Ocugen, Inc. (Nasdaq: NASDAQ:OCGN), a biotechnology company focused on discovering, developing, and commercializing novel gene and cell therapies and vaccines, today announced that it has commenced an underwritten public offering (the “offering”) of its common stock. In addition, Ocugen expects to grant the underwriter a 30-day option to purchase up to an additional 15% of the aggregate number of shares of its common stock to be sold in the public offering at the public offering price, less the underwriting discounts and commissions. All of the shares of common stock in the offering are to be sold by Ocugen. The offering is subject to market and other conditions, and there can be no assurance as to whether or when the offering may be completed, or as to the actual size or terms of the offering.
Ocugen intends to use the net proceeds of the proposed offering for general corporate purposes, capital expenditures, working capital, and general and administrative expenses.
Titan Partners Group, a division of American Capital Partners, is acting as the sole book-running manager for the proposed offering.

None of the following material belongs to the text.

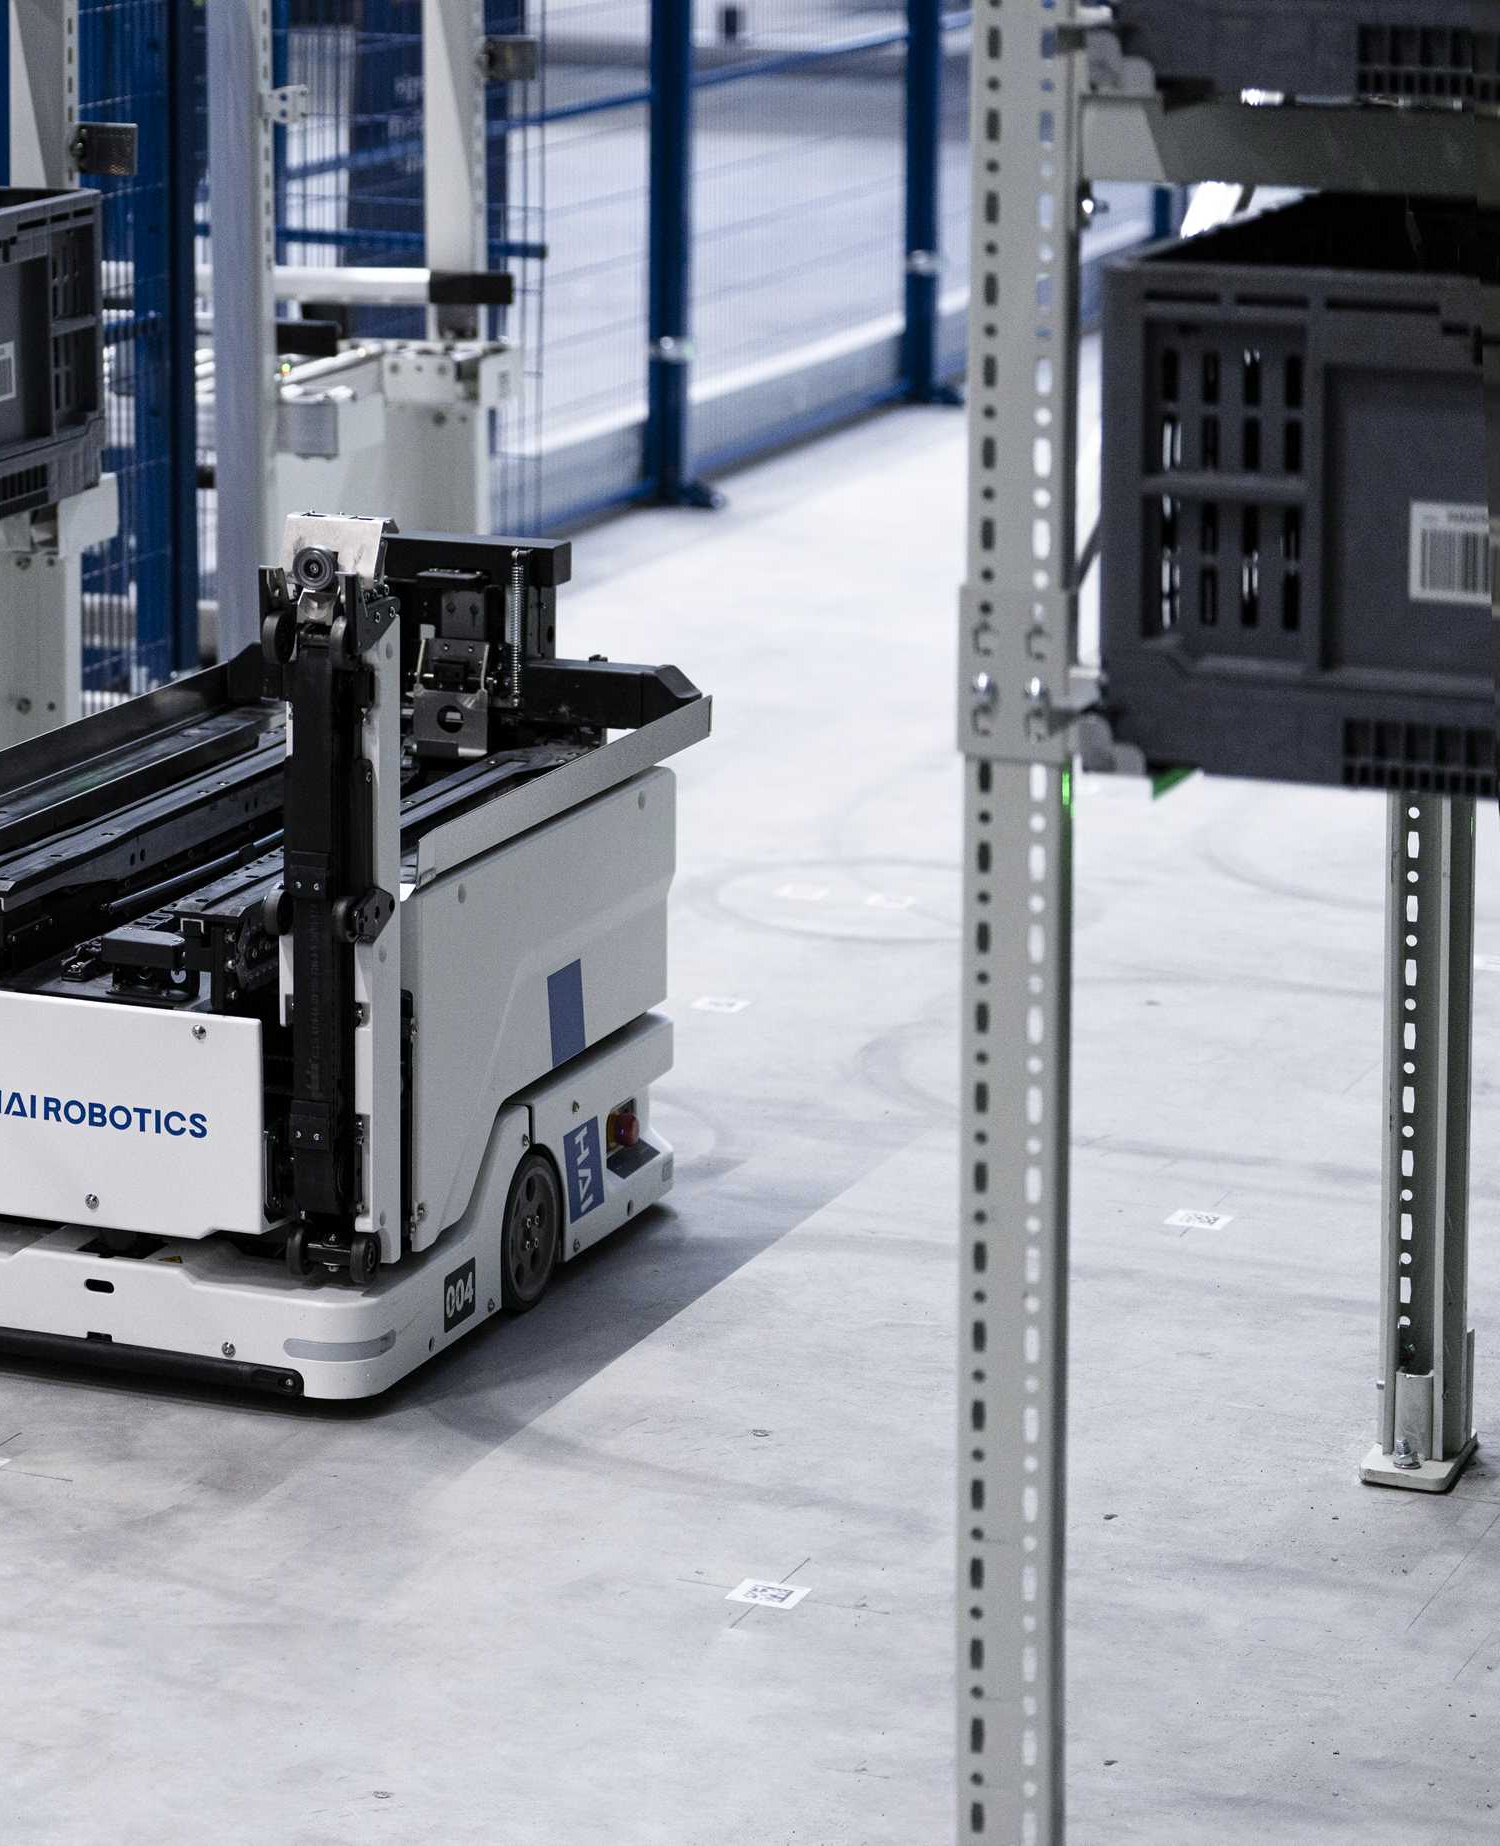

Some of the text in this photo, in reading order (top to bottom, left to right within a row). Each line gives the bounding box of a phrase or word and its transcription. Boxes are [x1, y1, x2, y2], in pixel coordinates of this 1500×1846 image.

[43, 1095, 209, 1140] ROBOTICS
[574, 1125, 594, 1213] HAI
[446, 1271, 474, 1319] 004

The offering is being made by Ocugen pursuant to a shelf registration statement on Form S-3 (File No. 333-278774) previously filed with the Securities and Exchange Commission (the “SEC”) on April 18, 2024, which became effective on May 1, 2024. The securities may be offered only by means of a prospectus and prospectus supplement that form a part of the registration statement. A preliminary prospectus supplement and the accompanying base prospectus relating to and describing the proposed terms of the offering will be filed with the SEC and will be available on the SEC’s website at www.sec.gov. Copies of the preliminary prospectus supplement and accompanying base prospectus relating to this offering may be obtained, when available, from Titan Partners Group LLC, a division of American Capital Partners, LLC, 4 World Trade Center, 29th Floor, New York, NY 10007, by phone at (929) 833-1246 or by email at prospectus@titanpartnersgrp.com.
This press release shall not constitute an offer to sell or the solicitation of an offer to buy, nor shall there be any sale of these securities in any state or jurisdiction in which such offer, solicitation or sale would be unlawful prior to registration or qualification under the securities laws of such state or jurisdiction.